PSHE education is a specific school subject through which pupils develop the knowledge, skills and attributes they need to keep themselves healthy and safe, and prepare for life and work in modern Britain. Evidence shows that well-delivered PSHE programmes have an impact on both academic and non-academic outcomes for pupils, particularly the most vulnerable and disadvantaged. In George Salter Academy all tutors are given regular training and deliver PSHE to their tutor group. This has the double advantage of ensuring staff are well prepared to deliver these sensitive topics but also have the established and positive relationships with the students that are more likely to illicit thoughtful, open and honest responses.

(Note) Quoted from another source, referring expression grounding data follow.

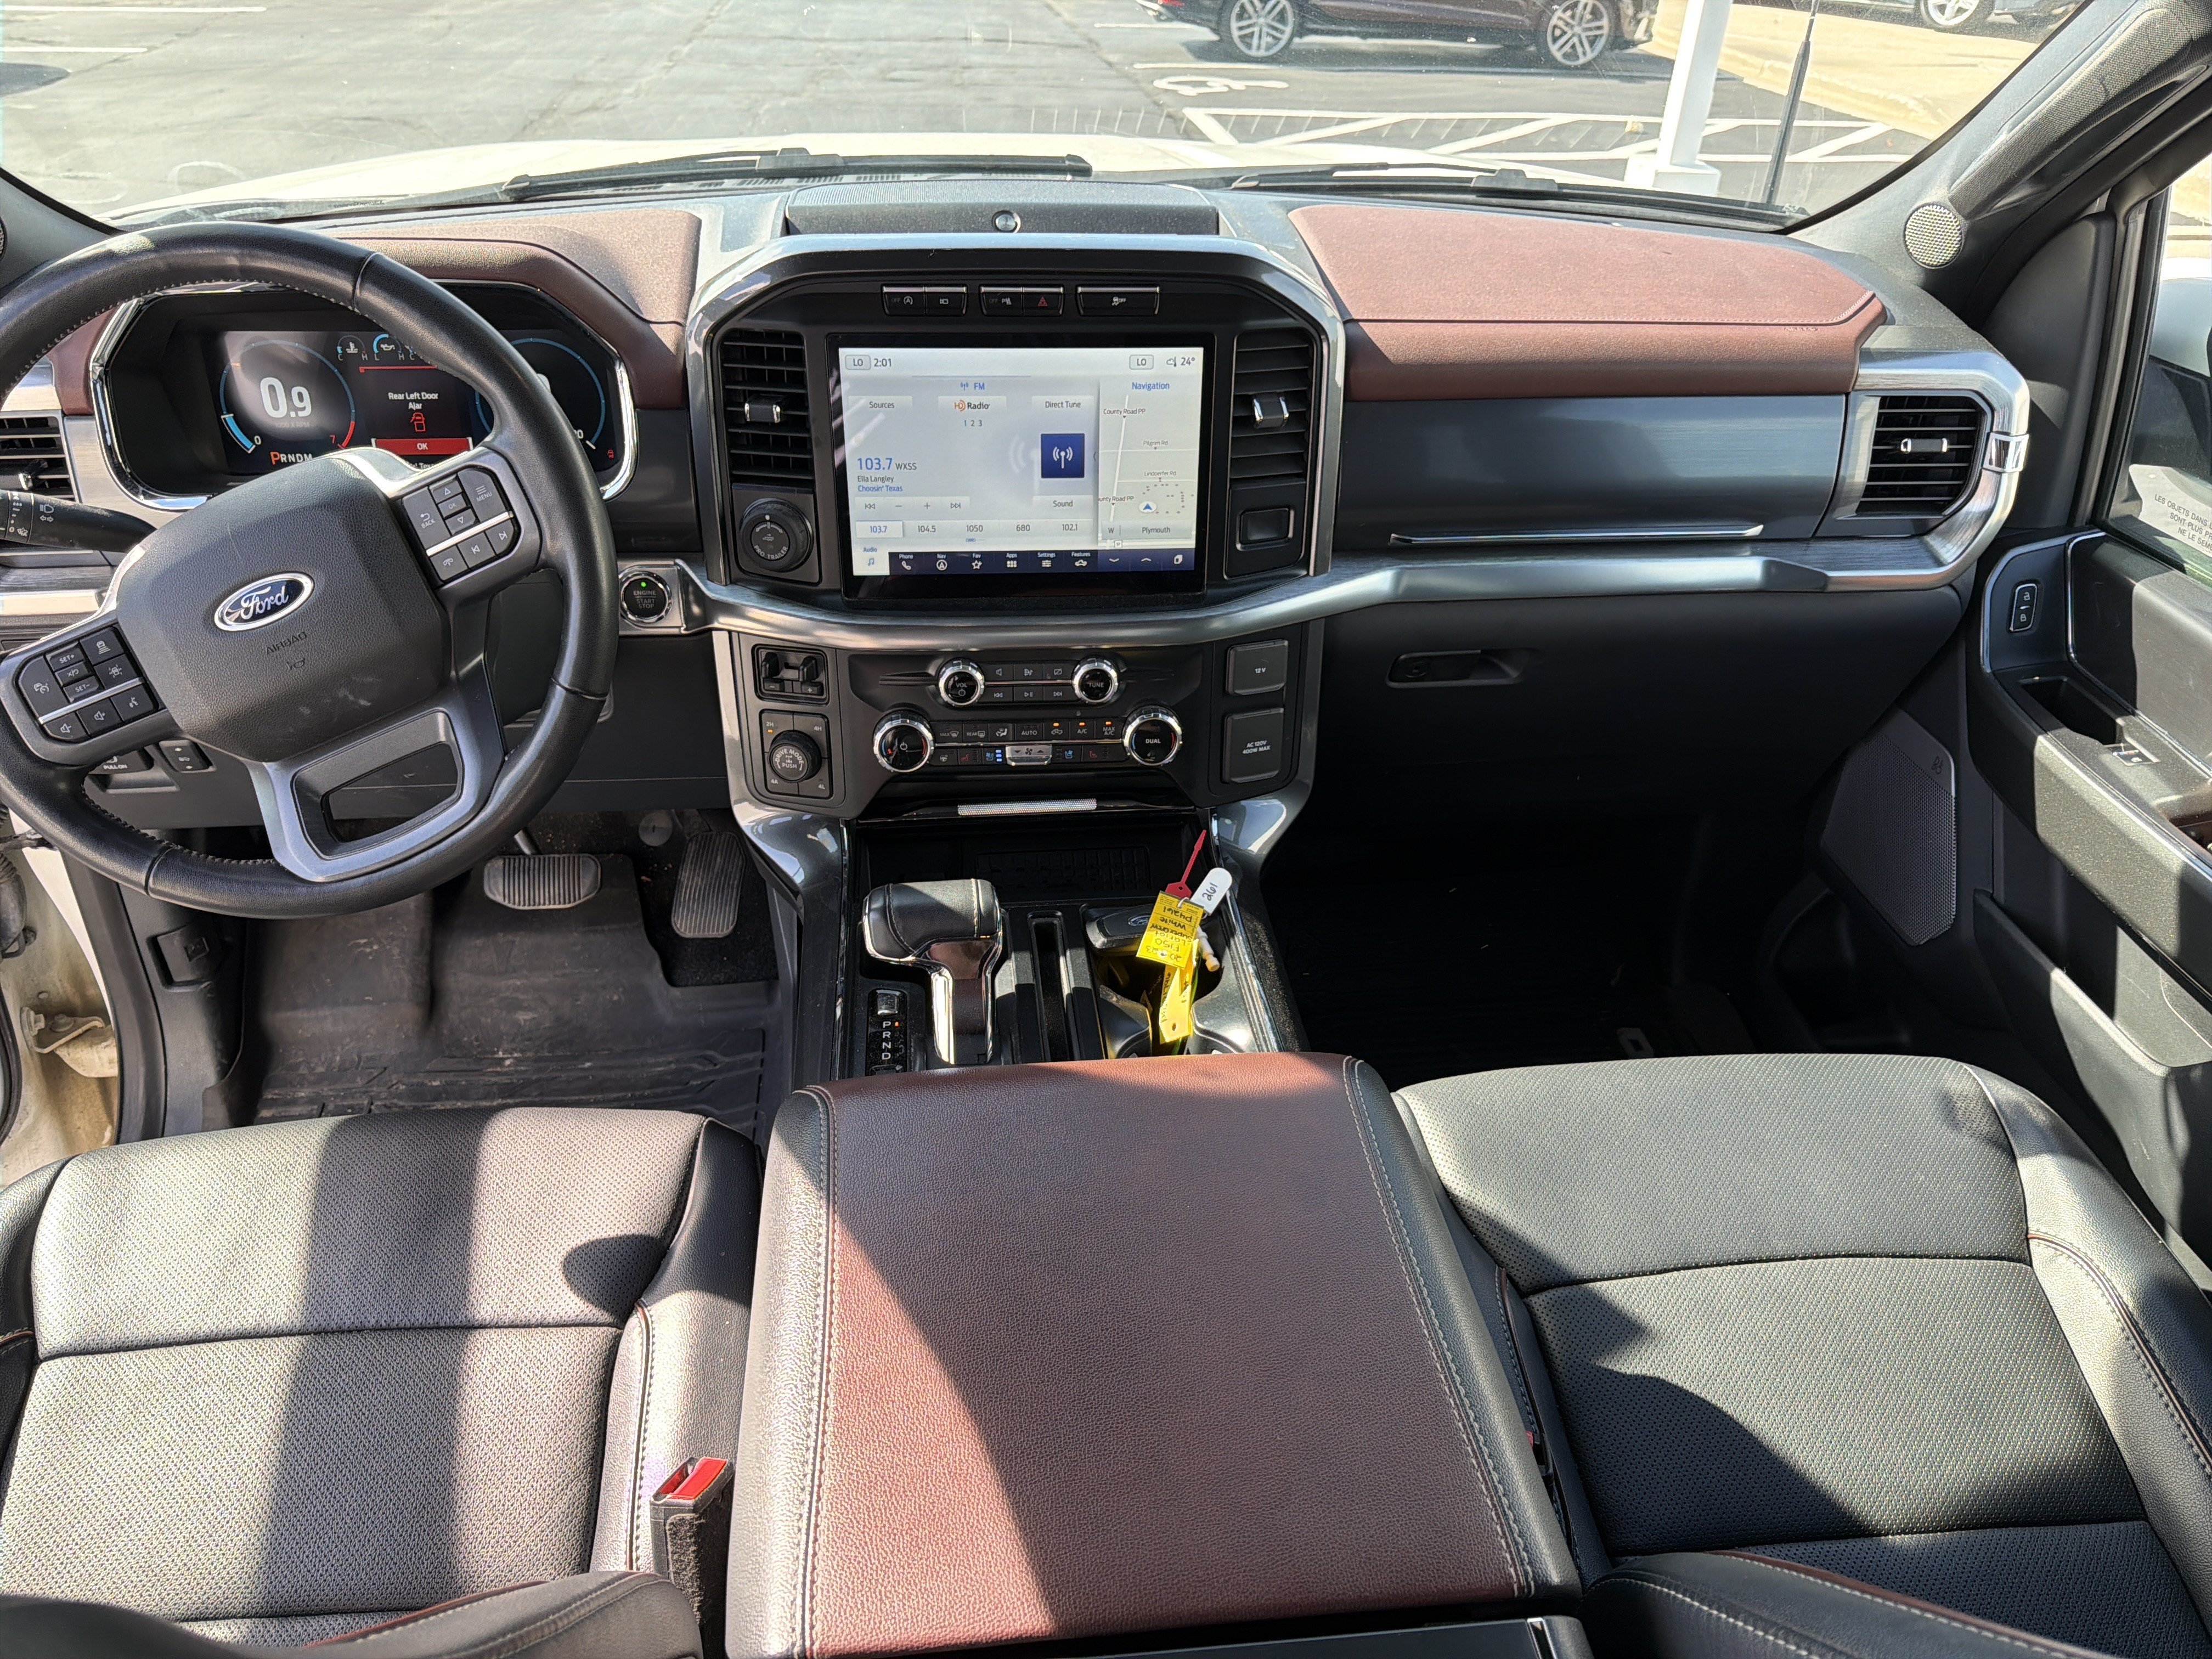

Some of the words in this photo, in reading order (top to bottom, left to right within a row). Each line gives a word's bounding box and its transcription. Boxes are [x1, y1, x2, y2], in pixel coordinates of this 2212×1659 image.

[853, 358, 864, 366] LO
[873, 358, 892, 367] 2:01
[1132, 382, 1170, 391] Navigation
[260, 377, 312, 418] 0.9
[408, 402, 422, 411] Ajar
[967, 402, 990, 410] Radio
[857, 458, 893, 470] 103.7
[476, 491, 493, 502] MENU
[2154, 494, 2166, 505] LES
[2167, 500, 2190, 517] OBJETS
[2191, 512, 2208, 526] DANS
[421, 518, 436, 529] BACK
[2170, 512, 2186, 525] SONT
[2187, 521, 2203, 534] PLUS
[1142, 526, 1171, 534] Plymouth
[2177, 527, 2187, 537] NE
[2188, 532, 2196, 541] LE
[754, 545, 765, 557] PRO
[767, 546, 788, 560] TRAILER
[240, 585, 289, 620] Ford
[266, 631, 308, 655] AIRBAG
[775, 748, 788, 763] DRIVE
[788, 749, 804, 764] MODE
[1201, 882, 1218, 901] 261

Our Programme of Study for PSHE education aims to develop skills and attributes such as resilience, self-esteem, risk-management, teamworking and critical thinking in the context of learning grouped into three core themes: health and wellbeing, relationships and living in the wider world (including British Values, Citizenship, economic wellbeing and aspects of careers education).

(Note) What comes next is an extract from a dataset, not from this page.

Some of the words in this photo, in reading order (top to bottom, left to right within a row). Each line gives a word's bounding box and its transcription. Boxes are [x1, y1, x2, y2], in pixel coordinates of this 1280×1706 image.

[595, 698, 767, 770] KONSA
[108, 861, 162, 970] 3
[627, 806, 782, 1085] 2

The national curriculum also states that “all schools should make provision for personal, social, health and economic education (PSHE), drawing on good practice”. PSHE education is essential to Ofsted judgements in relation to personal development, behaviour, welfare and safeguarding. GSA was judged Good for this in its last Ofsted inspection in 2017 with comments such as: “Pupils benefit from an extensive and wide-ranging programme that helps them learn about ways to keep themselves safe and well. This includes mental health, knife crime and the risks posed by extreme views. Opportunities to contribute to pupils’ personal social and health education and promote British values are carefully mapped and effectively delivered through the curriculum.”
From 2021 the relationships and health aspects of PSHE education will be compulsory in all schools.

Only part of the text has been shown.